Many European Jews also feel that their religious practices are under legal attack. Just this week, the president of the Conference of European Rabbis, Rabbi Pinchas Goldschmidt, issued a statement warning about a bill proposed by Belgian lawmakers that would ban shechita, the method of slaughtering animals in accordance with Jewish law. Some European countries have also sought to ban the slaughter of animals according to Muslim traditions. U.S. Special Envoy to Monitor and Combat Anti-Semitism Elan Carr has called these laws "disgraceful."

All of this is happening within living memory of the Holocaust. But declining religious freedom conditions in Europe also extend beyond anti-Semitism.

Pew Research reported that Europe saw one of the largest increases in government restrictions on religious activities from 2007 to 2017, much of which also reflects an increase in violent attacks and discrimination directed at Muslims across the continent. For example, France banned full facial coverings in 2011 and Moldova banned public Muslim worship in 2012.

The discriminatory actions of governments aren't just for Europe's Jews and Muslims, either.

In Montenegro, it's the Christians who are under attack. Since December, there have been ongoing protests following the passage of a law on religion that many believe will allow the government to confiscate religious properties. The Serbian Orthodox Church rightfully fears that the law is a pretext to seize its property. These concerns have led to large and sustained protests across the country. With restrictions on religious gatherings during the COVID-19 pandemic further exacerbating tensions, these protests have led to clashes and the repeated detention of some of the country's most well-known Orthodox leaders—including the interrogation this week of Metropolitan Amfilohije of Montenegro (the second time the archbishop has been interrogated this year).

Synagogue in Bulgaria
Synagogue in Bulgaria Sean Gallup/Getty Images

Instead of being a champion for international religious freedom, Europe's commitment to this fundamental human right abroad is also being neglected. The European Commission recently decided not to extend the position of the European Union's (EU) special envoy, whose mandate has been the promotion of the freedom of religion and belief.

Then there is European foreign policy, especially as it relates to China.
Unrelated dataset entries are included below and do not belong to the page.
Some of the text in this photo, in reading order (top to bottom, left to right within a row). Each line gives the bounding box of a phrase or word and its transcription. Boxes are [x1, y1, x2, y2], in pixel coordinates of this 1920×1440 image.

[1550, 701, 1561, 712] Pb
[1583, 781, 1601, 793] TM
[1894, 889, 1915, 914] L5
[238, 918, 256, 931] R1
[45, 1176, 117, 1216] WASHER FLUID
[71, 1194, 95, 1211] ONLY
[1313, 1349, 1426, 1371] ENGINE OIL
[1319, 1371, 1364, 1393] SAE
As China continues to escalate its anti-Muslim and anti-Christian domestic policies, it is granted a license by certain European leaders—best illustrated by the truly absurd and cowardly words of the EU's senior official for foreign affairs, Joseph Borrell, "I don't think that China is playing a role that can threaten the world peace."

While some European leaders have issued statements at the U.N. condemning China's assault on religious freedom, the sad truth is that the actions of other European governments have rarely matched those words.
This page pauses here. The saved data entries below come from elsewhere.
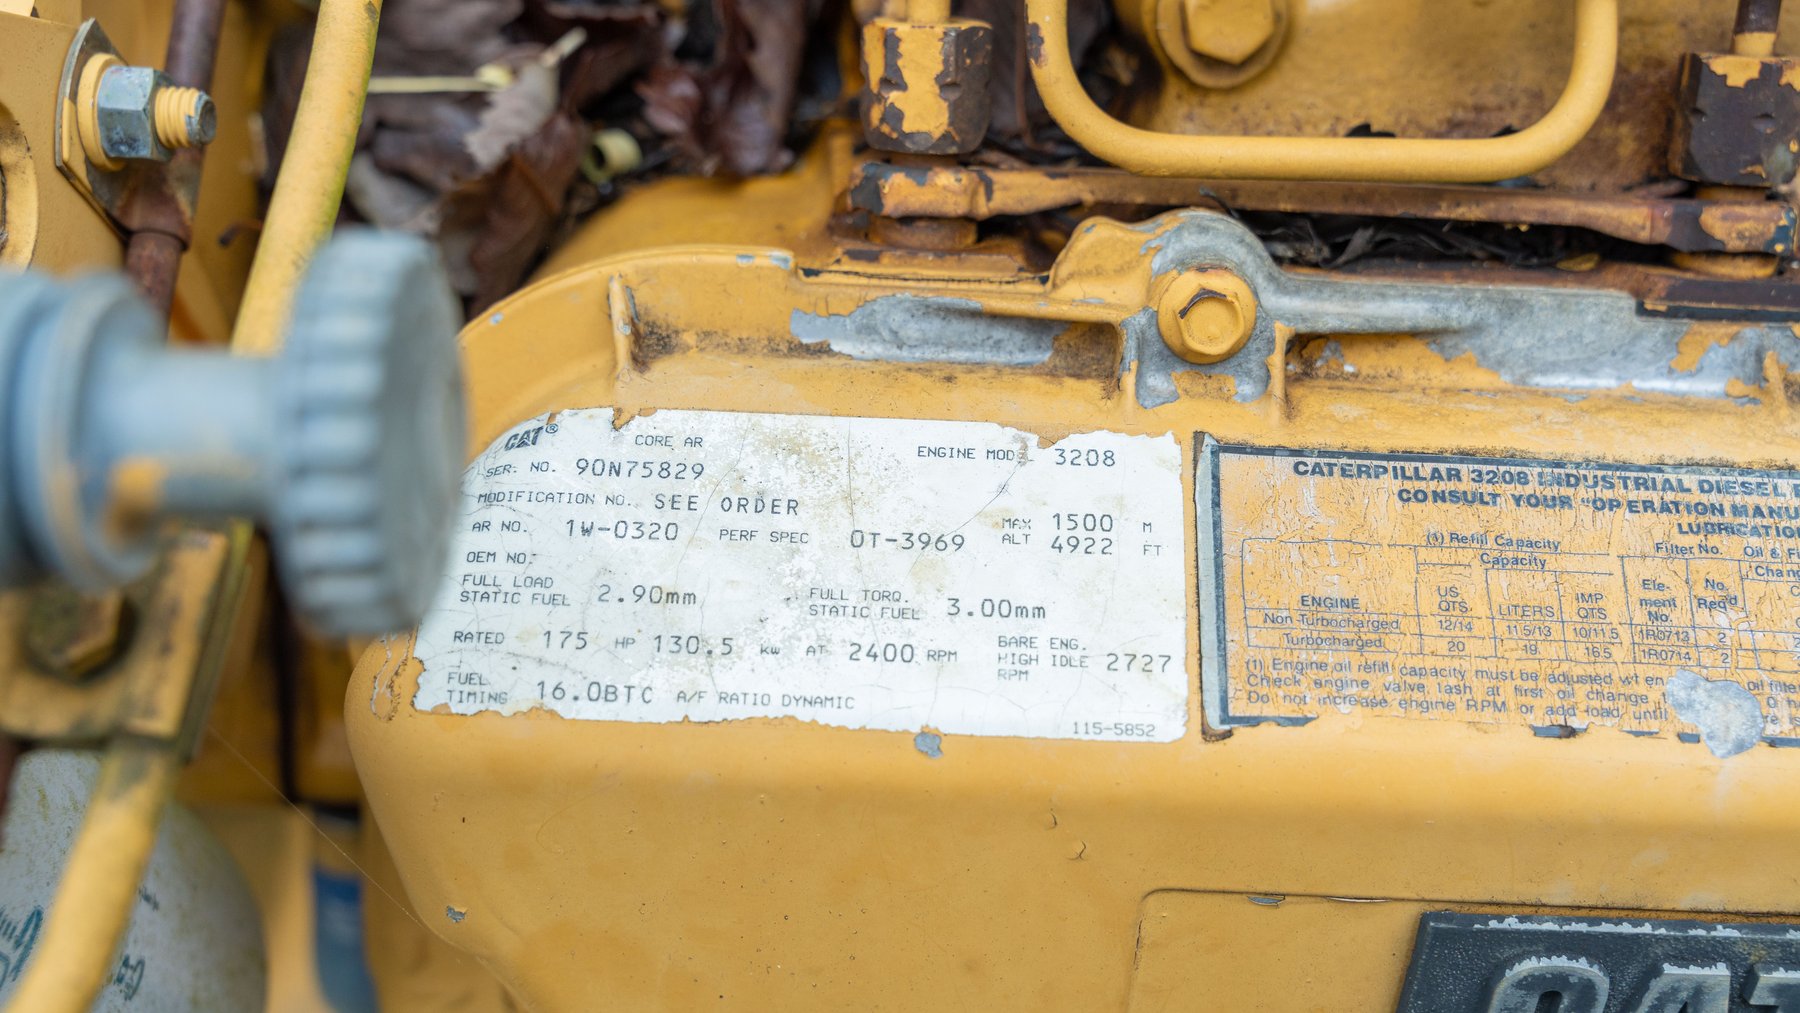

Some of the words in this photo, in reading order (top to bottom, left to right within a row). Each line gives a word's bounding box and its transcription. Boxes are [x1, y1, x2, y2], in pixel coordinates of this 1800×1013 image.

[635, 434, 673, 447] CORE
[684, 436, 703, 448] AR
[917, 446, 976, 460] ENGINE
[1055, 448, 1116, 468] 3208
[530, 461, 556, 473] NO.
[1293, 461, 1462, 483] CATERPILLAR
[1470, 469, 1530, 486] 3208
[1538, 472, 1692, 493] INDUSTRIAL
[1699, 480, 1786, 497] DIESEL
[478, 492, 595, 506] MODIFICATION
[605, 493, 632, 507] NO.
[654, 493, 698, 511] SEE
[721, 496, 799, 516] ORDER
[1398, 488, 1503, 507] CONSULT
[1511, 493, 1574, 510] YOUR
[472, 520, 491, 532] AR
[501, 520, 528, 533] NO.
[566, 519, 679, 541] 1W-0320
[1002, 518, 1031, 530] MAX
[1052, 513, 1114, 532] 1500
[1142, 522, 1152, 534] M
[1677, 522, 1800, 538] LUBRICATIO
[719, 529, 758, 542] PERF
[770, 530, 809, 545] SPEC
[1450, 533, 1488, 545] Refill
[1494, 535, 1561, 552] Capacity
[1002, 533, 1031, 545] ALT
[1051, 536, 1114, 555] 4922
[1142, 544, 1163, 557] FT
[1698, 543, 1723, 557] No.
[1744, 546, 1763, 557] Oil
[1770, 548, 1780, 559] &
[466, 551, 496, 564] OEM
[1480, 553, 1547, 569] Capacity
[462, 575, 502, 588] FULL
[513, 575, 554, 589] LOAD
[1642, 579, 1670, 591] Ele-
[1705, 578, 1729, 591] No.
[460, 590, 521, 605] STATIC
[531, 593, 571, 607] FUEL
[597, 584, 697, 606] 2.90mm
[810, 588, 849, 601] FULL
[862, 589, 909, 604] TORQ.
[1437, 586, 1459, 597] US
[1577, 593, 1604, 604] IMP
[947, 597, 1046, 620] 3.00mm
[1300, 595, 1360, 610] ENGINE
[1640, 598, 1677, 608] ment
[809, 605, 871, 619] STATIC
[880, 606, 921, 620] FUEL
[1498, 604, 1555, 617] LITERS
[1577, 607, 1607, 620] QTS
[1648, 611, 1672, 623] No.
[1438, 620, 1473, 632] 12/14
[998, 636, 1038, 649] BARE
[1050, 638, 1088, 651] ENG.
[1283, 633, 1382, 650] Turbocharged
[1718, 632, 1726, 643] 2
[453, 631, 505, 645] RATED
[543, 630, 589, 650] 175
[615, 637, 636, 649] HP
[654, 634, 734, 656] 130.5
[849, 642, 915, 663] 2400
[927, 650, 958, 662] RPM
[1447, 641, 1465, 652] 20
[1585, 647, 1612, 658] 16.5
[998, 653, 1039, 666] HIGH
[1052, 654, 1089, 669] IDLE
[1106, 653, 1172, 674] 2727
[1721, 653, 1730, 664] 2
[448, 672, 489, 686] FUEL
[1273, 659, 1328, 674] Engine
[1335, 660, 1351, 672] oil
[1400, 664, 1466, 681] capacity
[1475, 668, 1514, 682] must
[1521, 669, 1538, 682] be
[1548, 671, 1612, 687] adjusted
[447, 690, 508, 705] TIMING
[537, 680, 652, 705] 16.0BTC
[676, 691, 706, 704] A/F
[719, 692, 770, 706] RATIO
[782, 693, 855, 709] DYNAMIC
[1247, 674, 1301, 688] Check
[1313, 678, 1370, 692] engine
[1383, 679, 1426, 693] valve
[1438, 683, 1472, 695] lash
[1486, 685, 1502, 697] at
[1515, 685, 1544, 698] first
[1557, 687, 1575, 700] oil
[1586, 689, 1648, 706] change
[1248, 692, 1269, 704] Do
[1283, 693, 1308, 704] not
[1318, 694, 1388, 711] increase
[1398, 699, 1455, 713] engine
[1467, 701, 1506, 715] RPM
[1520, 705, 1534, 715] or
[1546, 704, 1576, 717] add
[1633, 708, 1668, 721] until
[1073, 721, 1155, 738] 115-5852
Bulgaria, for example, was willing to repatriate five Uyghurs back to China, where the government has detained millions of Uyghur and other Muslims in concentration camps. They aimed to do so until the European Court of Human Rights blocked the move in February.

Suffice it to say the human rights situation in Europe is deteriorating rapidly.

History reminds us that religious persecution is a precursor to cultural annihilation and ethnic cleansing—and yes, also genocide. Europe—because of its history—ought to know better. As commissioners at the U.S. Commission on International Religious Freedom, and knowing full well America's own struggles and shortcomings, we are obligated to put Europe on notice: You are not exempt from the obligations you call the world to embrace.

Rev. Johnnie Moore and Nury Turkel are commissioners on the United States Commission for International Religious Freedom appointed by President Donald Trump and House Speaker Nancy Pelosi (D-CA), respectively.

The views expressed in this article are the writers' own.